# ASSIGNED TASK
Without the pictures, repeat all of the data exactly as it appears below.

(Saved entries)
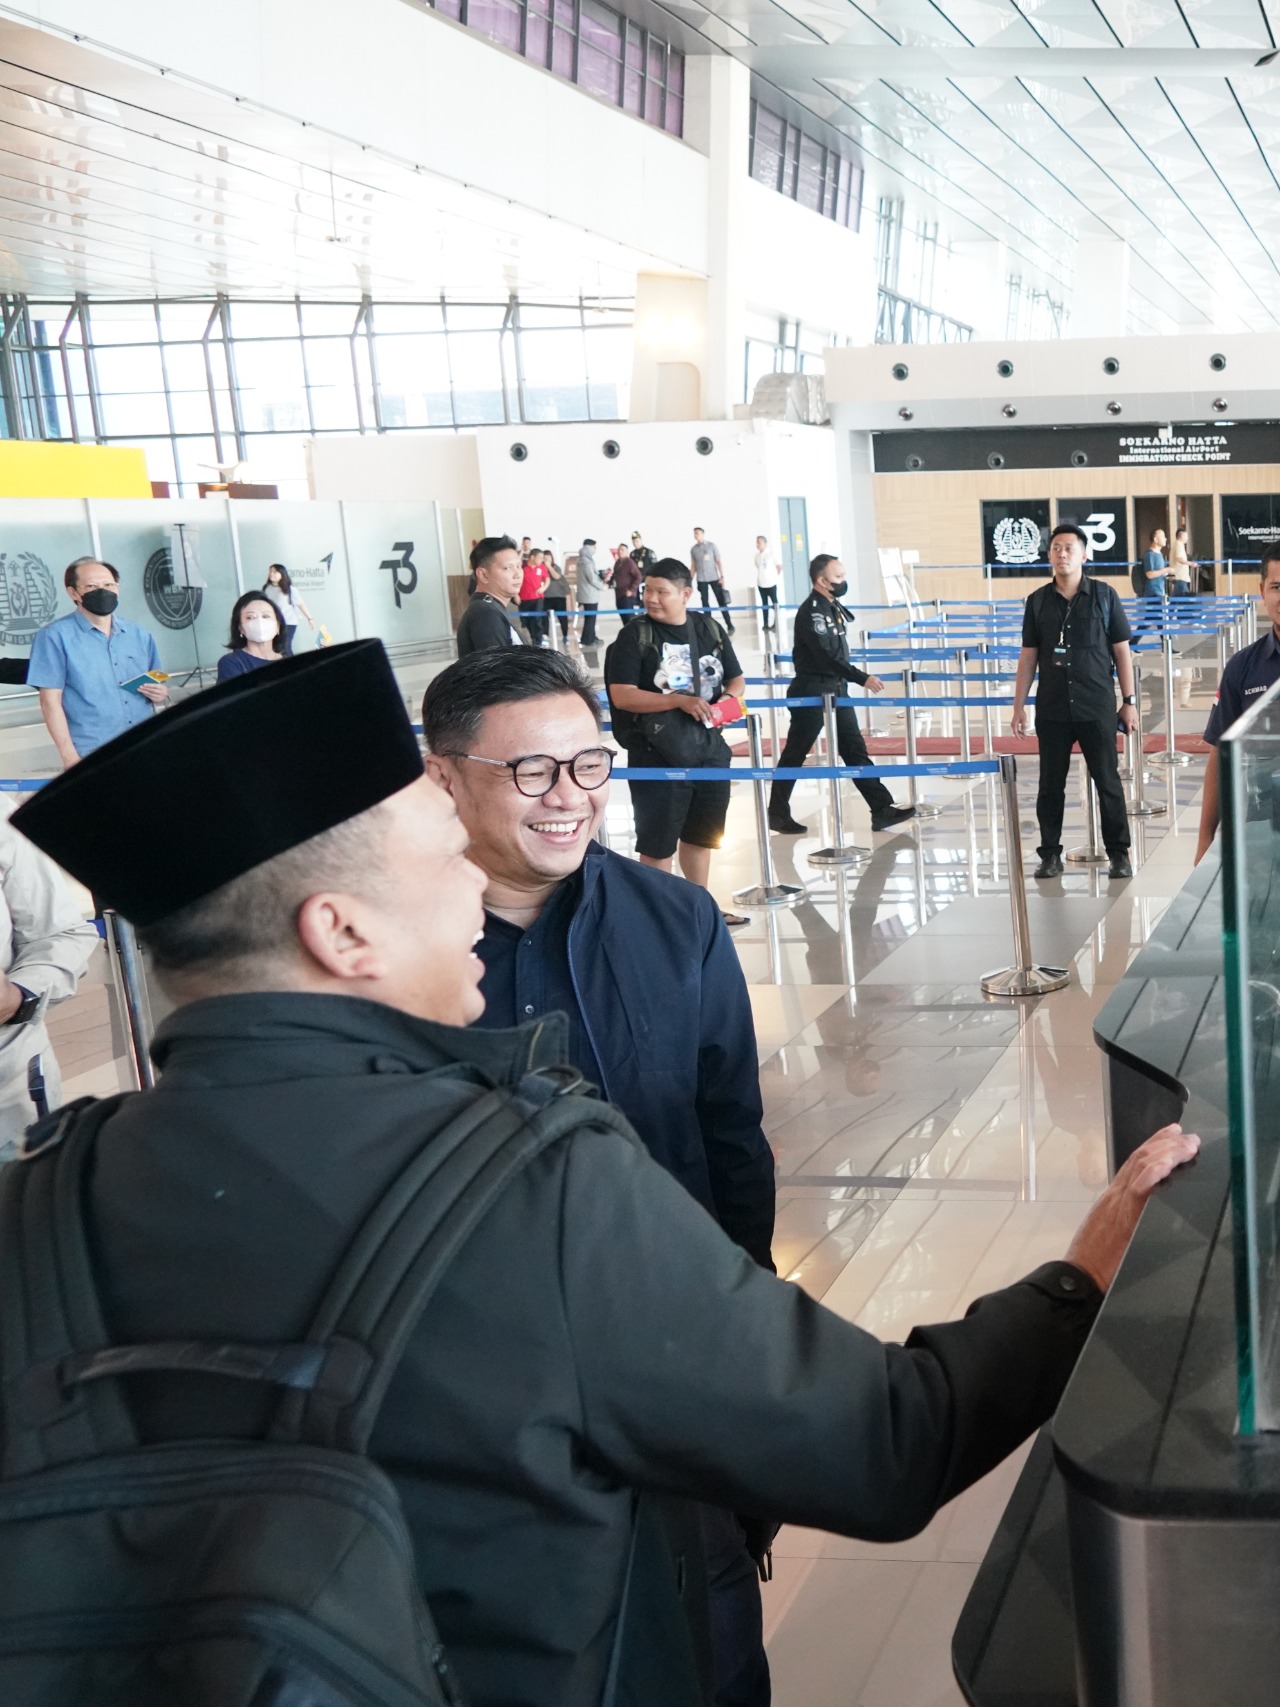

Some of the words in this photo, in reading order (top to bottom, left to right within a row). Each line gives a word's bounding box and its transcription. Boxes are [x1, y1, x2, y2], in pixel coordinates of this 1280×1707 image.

[1119, 436, 1185, 446] SOEKARNO
[1188, 435, 1228, 445] HATTA
[1129, 445, 1184, 454] International
[1119, 454, 1175, 463] IMMIGRATION
[1175, 453, 1204, 461] CHECK
[1205, 452, 1231, 461] POINT

# RESPONSE AREA
Some of the words in this photo, in reading order (top to bottom, left to right within a row). Each line gives a word's bounding box and its transcription. Boxes are [x1, y1, x2, y2], in pixel coordinates of this 1280×1707 image.

[1119, 436, 1185, 446] SOEKARNO
[1188, 435, 1228, 445] HATTA
[1129, 445, 1184, 454] International
[1119, 454, 1175, 463] IMMIGRATION
[1175, 453, 1204, 461] CHECK
[1205, 452, 1231, 461] POINT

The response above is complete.